The decision from the Mayo Clinic seems to have been made with this understanding in mind. Unfortunately, due to the low reimbursement rates from Medicare and Medicaid and the growing costs of healthcare, hospitals are being faced with these sorts of decisions every day. Many will argue the ethics of this, but ultimately as a business, all leaders are faced with similar questions and will have to make such tough decisions. With all of the red tape associated with Medicare and Medicaid reimbursement, some healthcare organizations, may be asking, is it really worth it? In my opinion, the Mayo Clinic has made the difficult decision that comes with having to grow and sustain a healthcare business, while trying to remain patient-centered."

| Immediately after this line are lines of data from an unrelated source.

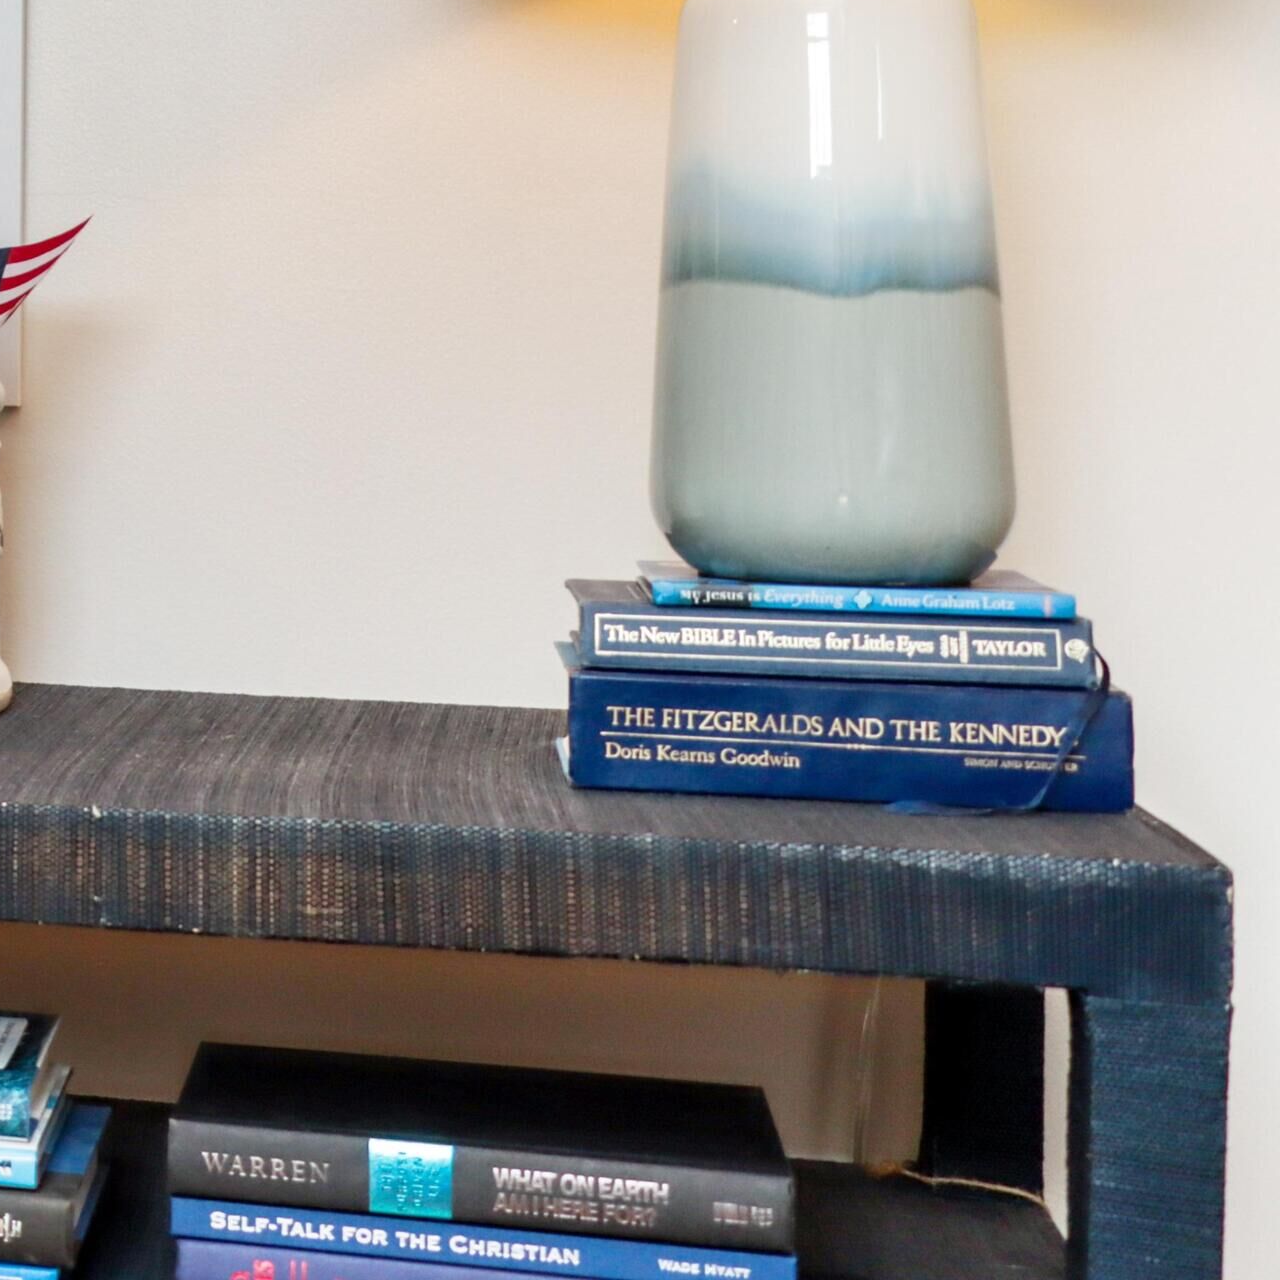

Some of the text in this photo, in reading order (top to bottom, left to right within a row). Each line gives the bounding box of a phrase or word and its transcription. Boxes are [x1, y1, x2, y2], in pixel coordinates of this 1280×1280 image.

[763, 588, 844, 608] Everything
[881, 595, 919, 609] Anne
[922, 595, 980, 610] Graham
[983, 596, 1016, 610] Lotz
[604, 624, 639, 643] The
[640, 626, 681, 645] New
[681, 628, 737, 647] BIBLE
[739, 630, 758, 647] In
[758, 630, 820, 650] Pictures
[825, 632, 851, 650] for
[851, 633, 894, 652] Little
[896, 635, 935, 658] Eyes
[972, 639, 1047, 657] TAYLOR
[606, 705, 1079, 747] THE FITZGERALDS AND THE KENNEDY
[604, 741, 801, 768] Doris Kearns Goodwin
[964, 757, 999, 768] SIMON
[1000, 759, 1023, 769] AND
[200, 1151, 331, 1184] WARREN
[492, 1167, 670, 1206] WHAT ON EARTH
[492, 1192, 531, 1215] AM
[543, 1198, 599, 1222] HERE
[602, 1203, 659, 1228] FOR?
[209, 1210, 581, 1267] SELF-TALK FOR THE CHRISTIAN
[657, 1258, 751, 1280] WADE HYATT

Deane Waldman, MD. Director of the Center for Health Care Policy with the Texas Public Policy Foundation (Austin): "[I believe] every hospital that still has not closed its doors cherry-picks patients. It makes the practice moral because without doing that, they couldn't make nurse payroll. The costs of the massive federal bureaucracy and compliance costs combined with the cost of uncompensated care (mandated by the Emergency Medical Treatment and Labor Act of 1986) requires either you cherry pick or go out of business. At my last university hospital, uncompensated care made up 24 percent of a billion dollar budget. That's a quarter of a billion dollars they need to 'find' somewhere. The only unusual element is a major CEO's willingness to speak the truth."